Goldman Sachs Group and JPMorgan Chase are ditching safeguards on the credit lines they extend to managers of collateralized loan obligations, as they seek to defend their market share in the lucrative business of arranging CLO deals.

The Wall Street behemoths are among the biggest providers of financing facilities known as warehouses, which managers in the $780 billion U.S. CLO market use to buy risky corporate loans before they slice and repackage them into bonds. The pair are increasingly providing credit lines without protections that allow them to demand more cash should the value of the debt plunge before it’s sold to investors, according to people with knowledge of the matter.

The decision to take more risk with their balance sheets is a reversal of sorts for Goldman and JPMorgan. They were previously known for almost exclusively offering so-called mark-to-market warehouses, in contrast with the majority of rival lenders that mostly provided financing without market-value triggers, the people said. It’s a win for CLO managers who have largely sought to avoid such provisions after being stung last March as the COVID-19 outbreak spurred a plunge in loan prices, fueling a rash of collateral calls.

“It’s painful to get the capital call when prices are trading down,” said Young Choi, a partner at King Street Capital Management in New York.

Representatives for the banks declined to comment.

CLO issuance has been on a record pace to start the year, and is one of the biggest driving forces behind a resurgence in speculative lending that’s fueling a boom in highly leveraged acquisitions by private equity firms this year.

While providing warehouses is generally considered at best a break-even business for most banks, lenders that supply the facilities almost always win CLO arranging mandates, which command significant fees. Both Goldman and JPMorgan have been struggling to fend off competitors in the space recently.

Goldman has tumbled six spots compared to the same period last year and ranks ninth among the top arrangers of U.S. CLOs in 2021, Bloomberg league table data show. JPMorgan has slipped one spot to second, but has seen its market share decline over 6 percentage points, more than any other bank in the rankings.

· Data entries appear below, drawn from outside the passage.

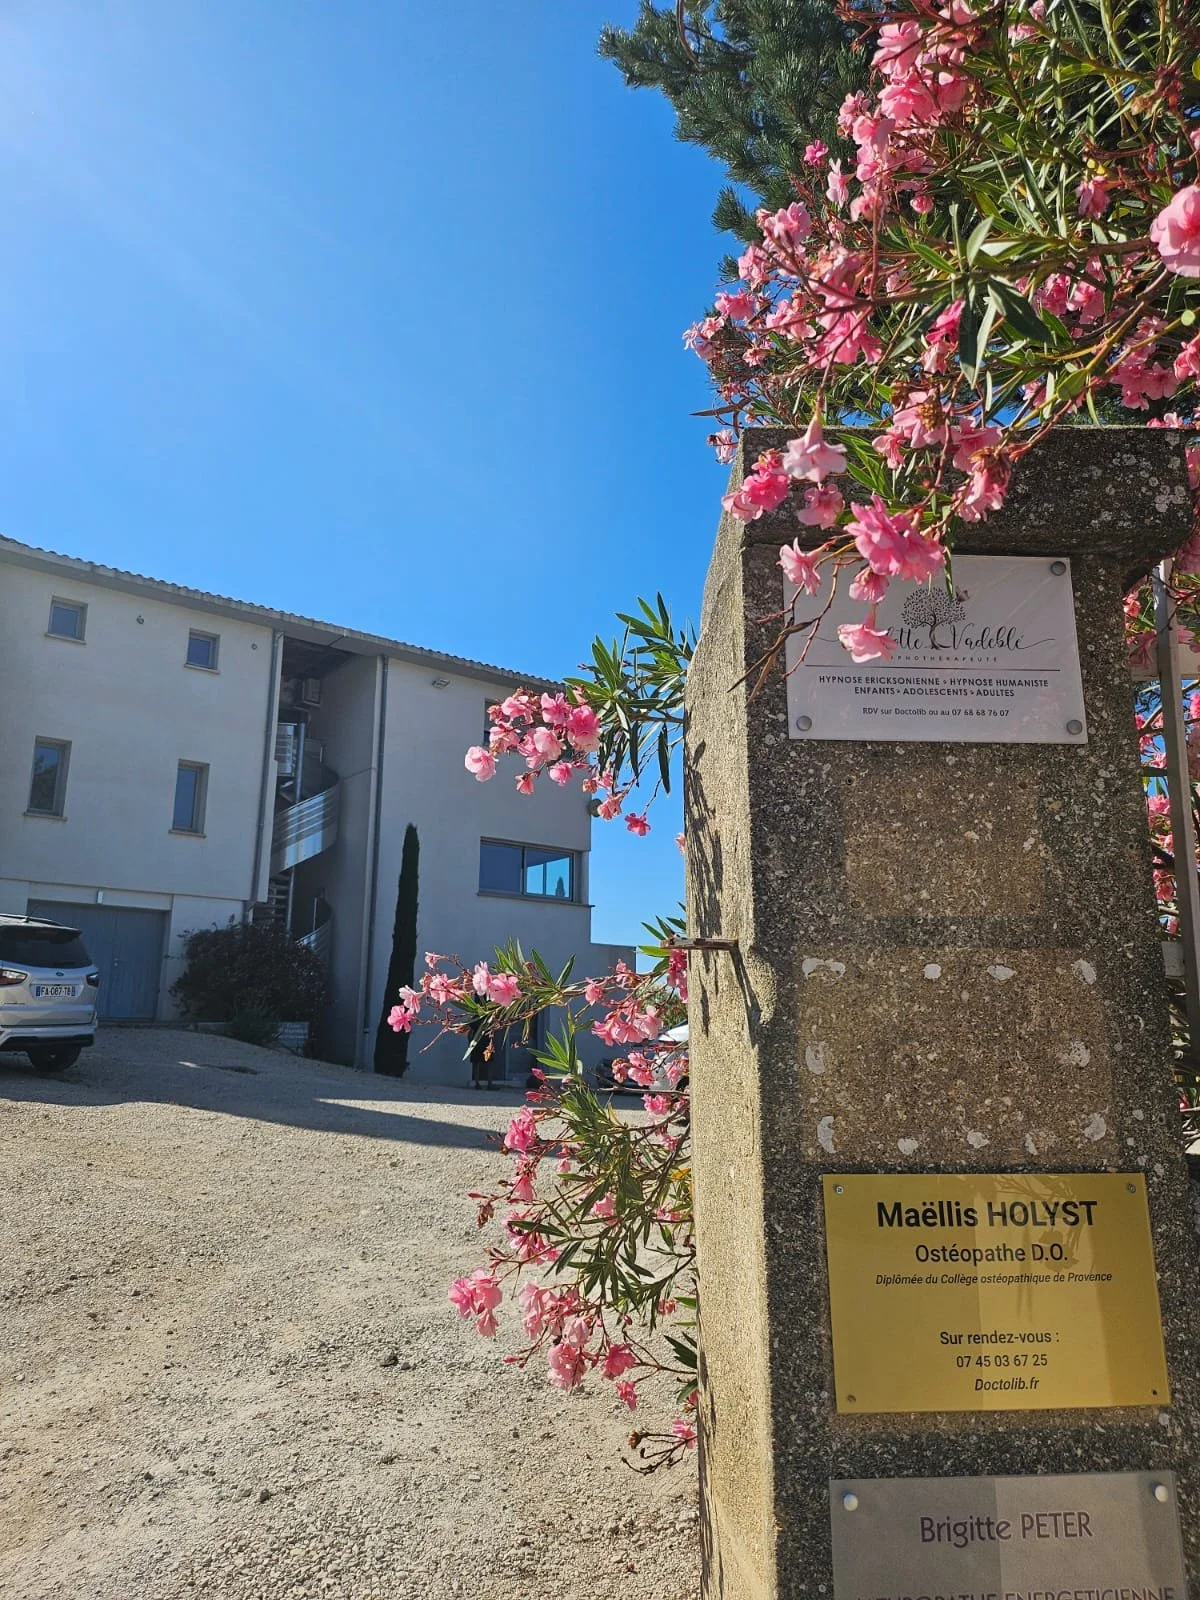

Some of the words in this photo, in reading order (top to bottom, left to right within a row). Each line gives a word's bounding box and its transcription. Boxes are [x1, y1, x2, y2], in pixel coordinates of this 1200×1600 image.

[819, 675, 861, 684] HYPNOSE
[865, 676, 940, 686] ERICKSONIENNE
[950, 678, 993, 686] HYPNOSE
[996, 679, 1049, 687] HUMANISTE
[854, 686, 895, 695] ENFANTS
[903, 687, 968, 696] ADOLESCENTS
[976, 689, 1015, 697] ADULTES
[862, 707, 878, 715] RDV
[894, 707, 927, 716] Doctolib
[951, 708, 962, 716] 07
[999, 709, 1010, 717] 07
[877, 1201, 978, 1228] Maëllis
[986, 1200, 1098, 1227] HOLYST
[915, 1243, 1027, 1267] Ostéopathe
[1031, 1243, 1068, 1262] D.O.
[875, 1273, 923, 1287] Diplômée
[925, 1273, 938, 1284] du
[940, 1273, 978, 1286] Collège
[980, 1272, 1051, 1286] ostéopathique
[1053, 1272, 1065, 1282] de
[1067, 1272, 1112, 1282] Provence
[939, 1331, 963, 1345] Sur
[966, 1330, 1052, 1345] rendez-vous
[955, 1355, 972, 1368] 07
[975, 1355, 991, 1368] 45
[994, 1354, 1010, 1367] 03
[1013, 1354, 1029, 1367] 67
[1032, 1353, 1048, 1367] 25
[974, 1377, 1040, 1392] Doctolib.fr
[920, 1514, 1012, 1549] Brigitte
[1020, 1511, 1093, 1540] PETER
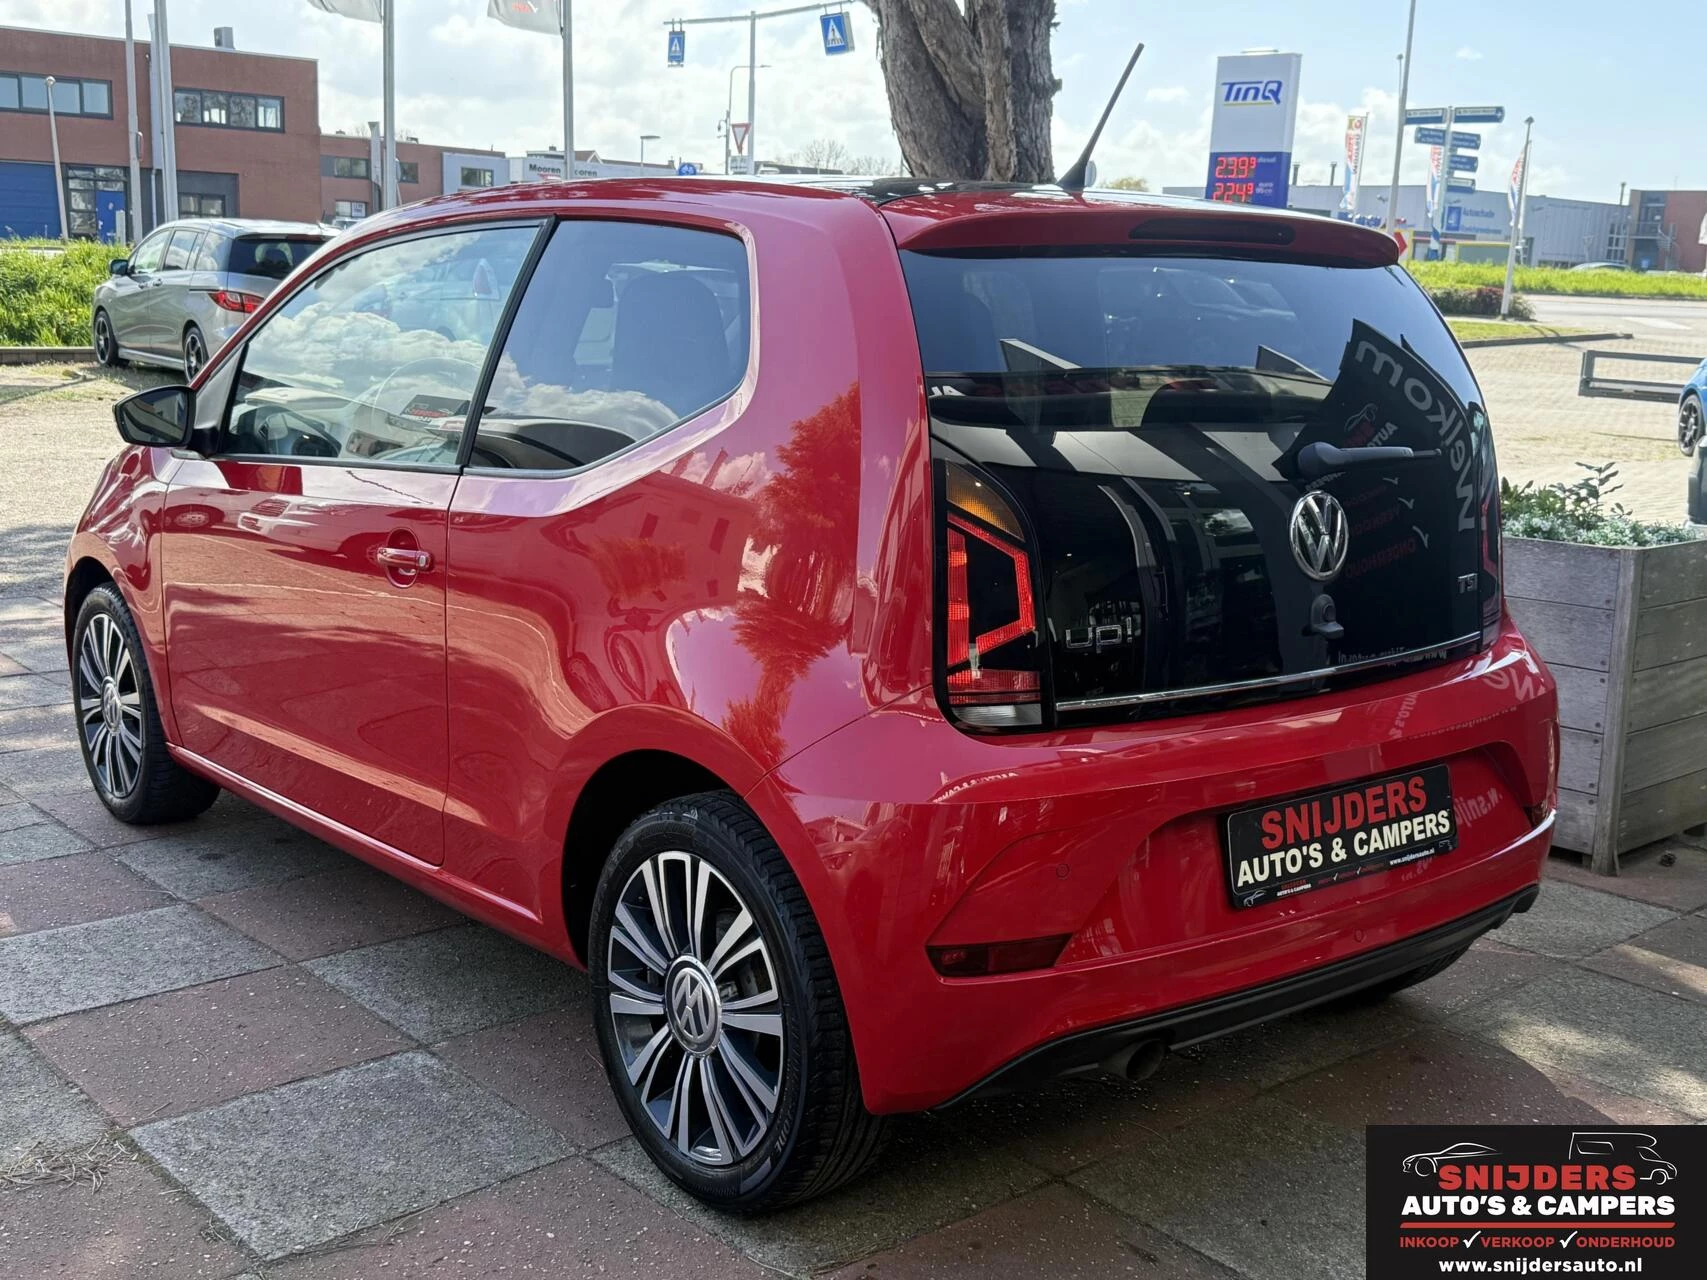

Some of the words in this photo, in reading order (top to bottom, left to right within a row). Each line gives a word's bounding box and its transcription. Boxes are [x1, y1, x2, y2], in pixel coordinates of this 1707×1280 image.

[1222, 80, 1282, 105] TinQ
[529, 163, 561, 174] Mooren
[1065, 616, 1132, 654] up!
[1261, 776, 1427, 850] SNIJDERS
[1237, 842, 1323, 888] AUTO'S
[1330, 836, 1348, 864] &
[1353, 808, 1451, 857] CAMPERS

“Banks are flush with cash and are putting balance sheets to work,” said Dave Preston, head of structured-credit research at AGL Credit Management. They “obviously want mark-to-market warehouses, but investors generally prefer non-mark-to-market ones.”

Warehouses are generally structured so that CLO equity buyers -- most of whom commit capital prior to the debt being securitized -- or third-party investors take the risk on the first chunk of losses in the portfolio. Mark-to-market credit lines provide lenders another buffer when leveraged loan price declines exceed certain thresholds, as they did last year.

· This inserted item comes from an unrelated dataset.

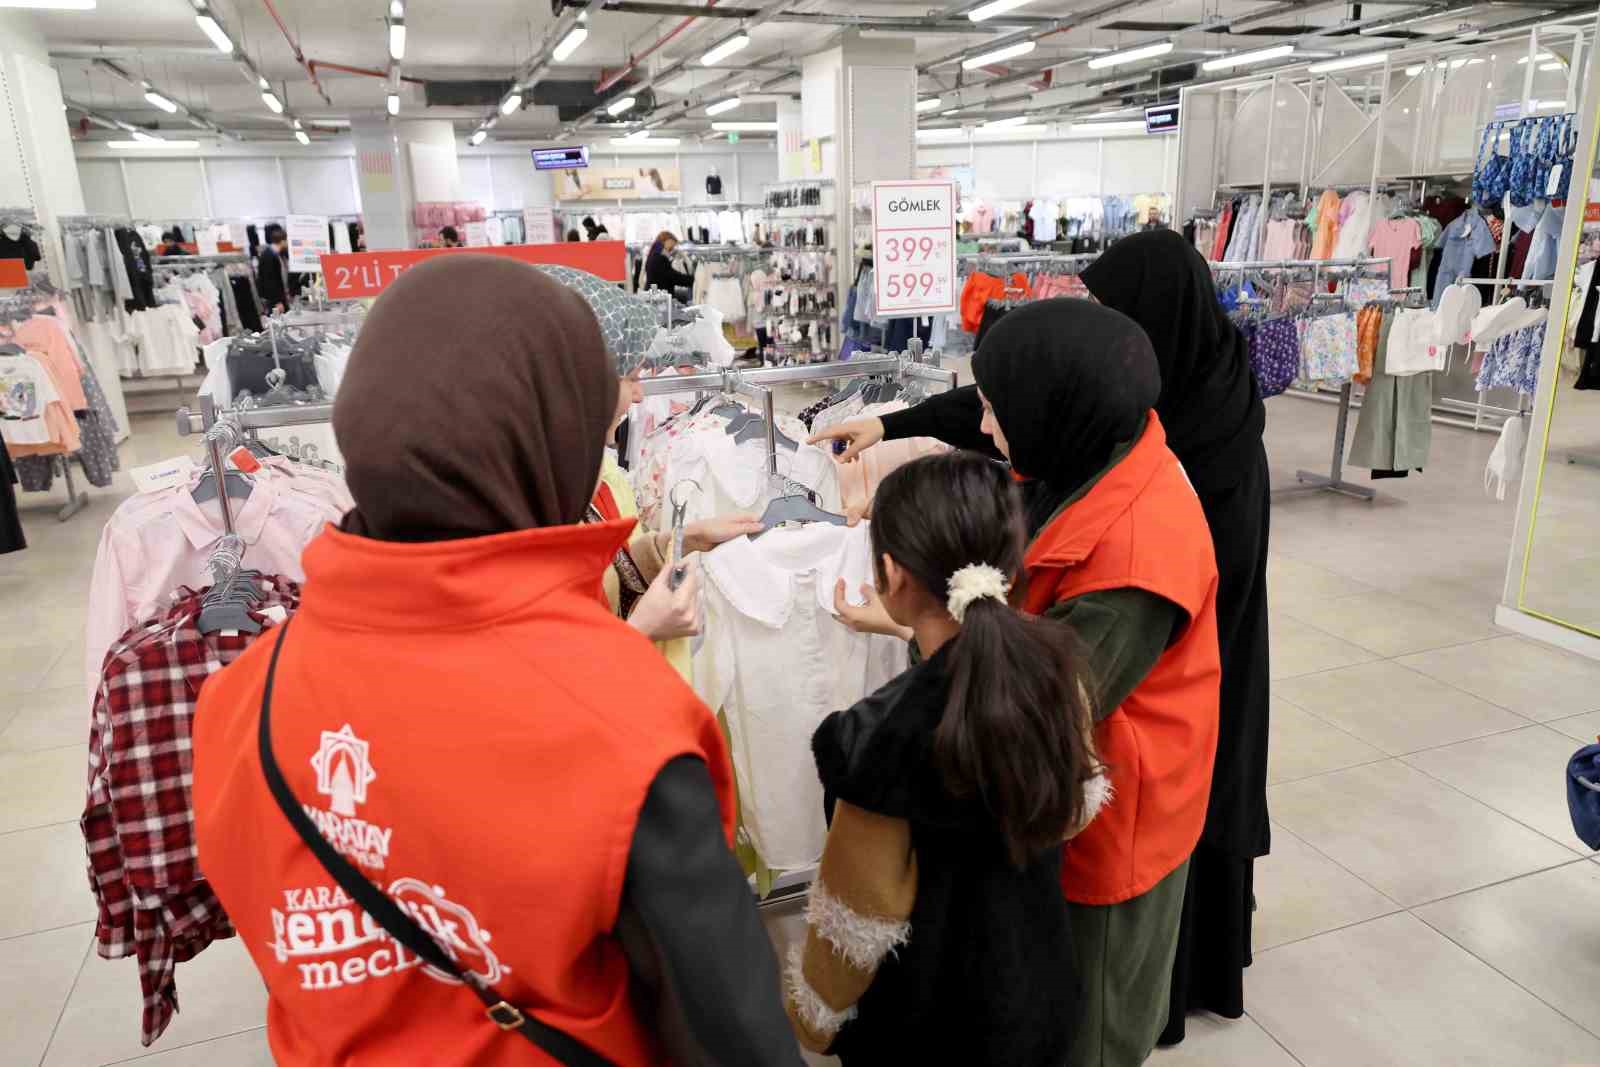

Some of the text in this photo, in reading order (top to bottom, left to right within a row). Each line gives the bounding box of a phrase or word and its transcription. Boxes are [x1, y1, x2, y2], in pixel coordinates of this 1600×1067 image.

[888, 197, 941, 212] GÖMLEK
[885, 237, 934, 262] 399
[886, 272, 934, 298] 599

The extra safeguard emerged in the aftermath of the 2008 financial crisis, in which banks were left with billions of dollars in losses after collateral managers couldn’t offload debt they’d been warehousing and were forced to liquidate at steep discounts.

Since then their prevalence has steadily declined, to the point where about 80% of credit lines prior to the coronavirus outbreak had no collateral triggers based on the secondary trading levels of loan portfolios. Citigroup Inc., the top CLO arranger this year, was among the earliest to transition to warehouses without market-value triggers post-crisis. Morgan Stanley made the shift later, and the banks now offer both structures, market watchers say.

While very few warehouses ultimately liquidated last year as the Federal Reserve stepped in to backstop financial markets, the collateral calls were nonetheless highly disruptive for CLO managers and investors.

“The pre-pricing warehouse period is the one in which you face the greatest uncertainty,” said David Moffitt, co-head of U.S. credit management at Investcorp. “During the ramp you can be pressured by time, execution risk and then finally, the vicissitudes of asset and liability pricing, any of which can go against you.”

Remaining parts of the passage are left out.